What is a distributed database?
Distributed databases are all around us: they power the world’s most visited websites such as Google and Facebook, and they’re responsible for huge technological changes such as the rise of cloud computing. But what are distributed databases exactly, and how do distributed databases work?
What are distributed databases?
As the name suggests, a distributed database is a database that is distributed across multiple servers or machines. This could mean multiple computers in the same location (e.g. an office), or multiple computers connected over a network.
One reason why distributed databases are necessary is due to the explosive growth of big data. Massive tech companies such as Google and Facebook store a mind-boggling amount of information. In 2017, for example, Facebook revealed that it generates more than 500 terabytes (500,000 gigabytes) of data every day. This is far more than any single machine is capable of storing.
The benefits of distributed databases also include greater scalability and availability. For example, if one of the machines in the distributed system goes down, the data on that machine will be temporarily unavailable, but the data on the other machines can still be accessible while you work to restore the connection.
In most cases, for the convenience of the end user, distributed databases need to behave as though they are actually a single database in a single physical location. We’ll discuss the details of how distributed databases work in the next section.
How do distributed databases work?
Building a distributed database is substantially more complex than a database that runs on a single machine. Users must be able to treat a distributed database as a single logical entity, without worrying about the underlying implementation. In addition, database transactions occurring on one machine must maintain the integrity of the databases on other machines in the system.
To keep the data in the distributed database up-to-date, there are two fundamental processes that underlie every distributed database system. Both of these techniques aim to keep the database contents identical across different machines, but with different methods:
- Replication: Database replication is a time- and effort-intensive process that automatically propagates changes to a database to the other copies of that database.
- Duplication: Database duplication creates an exact copy of the original database (usually the “master” database). Rather than occurring instantaneously, as with replication, duplication usually runs at a set time (e.g. after business hours, to avoid disrupting users).
Distributed databases may use either or both of the following strategies for distributing information across multiple machines:
- Replication: Distributed databases that use replication copy the entire database, making identical replicas in different locations.
- Fragmentation: Distributed databases that use fragmentation divide the database into multiple parts, storing these partitions on different machines. Horizontal fragmentation splits up the database while keeping individual records intact; vertical fragmentation splits up each individual record.
Two other important terms in the world of distributed databases are homogeneous and heterogeneous databases:
- Homogeneous databases use the same database management system (DBMS) and the same operating system on all of the system’s machines.
- Heterogeneous databases may use different DBMS, operating systems, and/or data models on different machines.

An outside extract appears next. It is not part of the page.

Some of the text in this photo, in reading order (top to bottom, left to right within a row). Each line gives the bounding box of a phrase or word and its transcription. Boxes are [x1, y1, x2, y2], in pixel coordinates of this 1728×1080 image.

Homogeneous databases can further be divided into autonomous and non-autonomous databases. Autonomous homogeneous databases consist of nodes that operate independently and exchange information with each other using message passing. Non-autonomous homogeneous databases are coordinated by a central system.
Meanwhile, heterogeneous databases can also be divided into federated and non-federated databases, similar to the distinction with homogeneous databases. Federated heterogeneous databases consist of nodes that operate independently, while non-federated heterogeneous databases are coordinated by a central system.

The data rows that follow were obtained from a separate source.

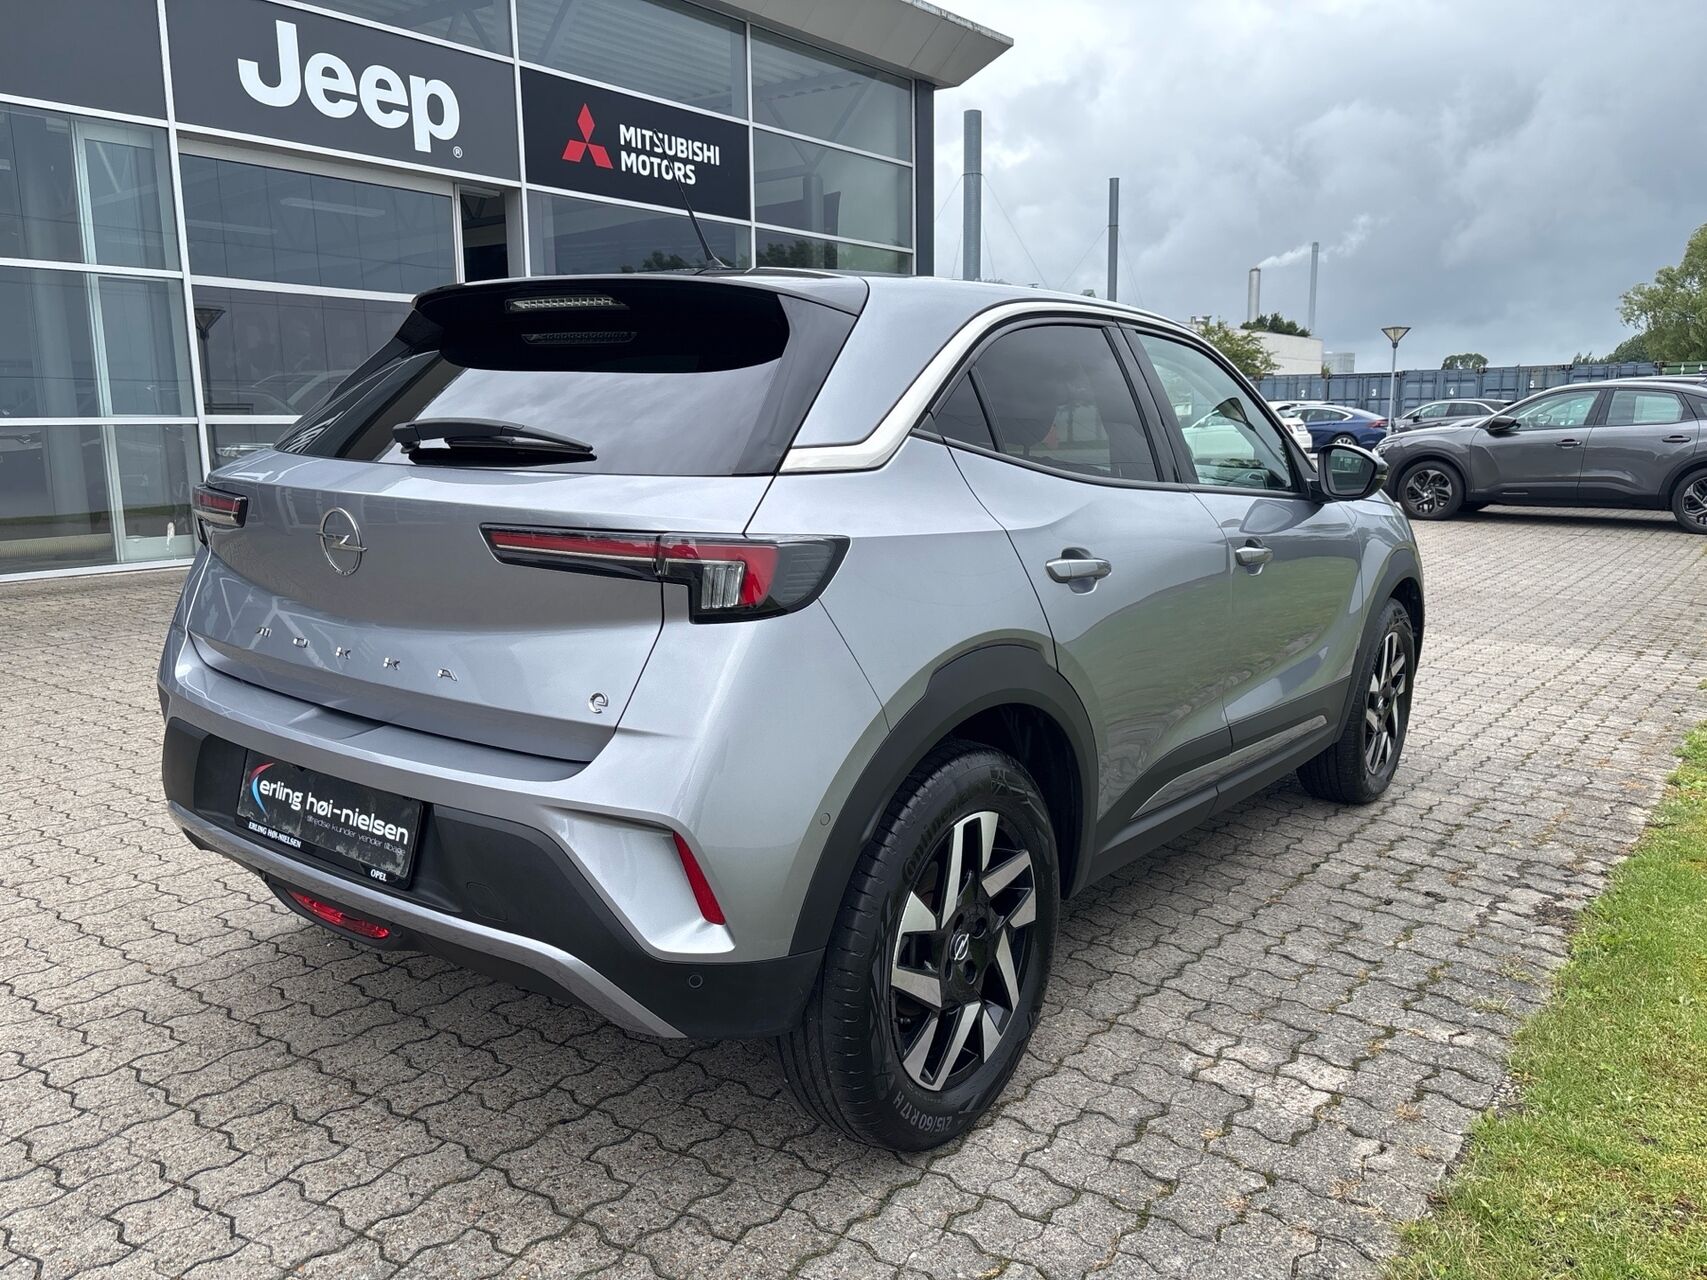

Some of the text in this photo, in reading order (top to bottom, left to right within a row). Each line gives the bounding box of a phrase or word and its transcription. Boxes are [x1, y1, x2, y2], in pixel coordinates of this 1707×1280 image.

[237, 19, 460, 153] Jeep
[619, 123, 720, 166] MITSUBISHI
[620, 150, 696, 185] MOTORS
[1370, 388, 1377, 397] 3
[1448, 387, 1455, 396] 4
[1529, 379, 1536, 389] 5
[259, 779, 409, 845] erling høi-nielsen
[902, 783, 982, 885] Continenta
[370, 869, 388, 882] OPEL
[892, 1090, 905, 1109] H
[899, 1101, 912, 1120] 17
[910, 1107, 920, 1126] R
[918, 1113, 953, 1133] 215/60

Distributed databases with Redis
Redis is an open-source, in-memory data structure store that is used to implement NoSQL key-value databases, caches, and message brokers. One major benefit of Redis is that it’s easy for users to build distributed databases using tools such as Redis Cluster and Redis Sentinel.
Redis Cluster is a distributed implementation of Redis that automatically shards (i.e. partitions) data across multiple Redis nodes. Redis Cluster uses master-slave replication , in which a single “master” node is backed up by multiple secondary “slave” nodes. In the event that the master node fails, one of the slave nodes can become the new master and continue operations without disruption for the end user.
Another tool for building distributed databases with Redis is Redis Sentinel , a high-availability solution for Redis that helps monitor and automatically handle failover events in a master-slave architecture.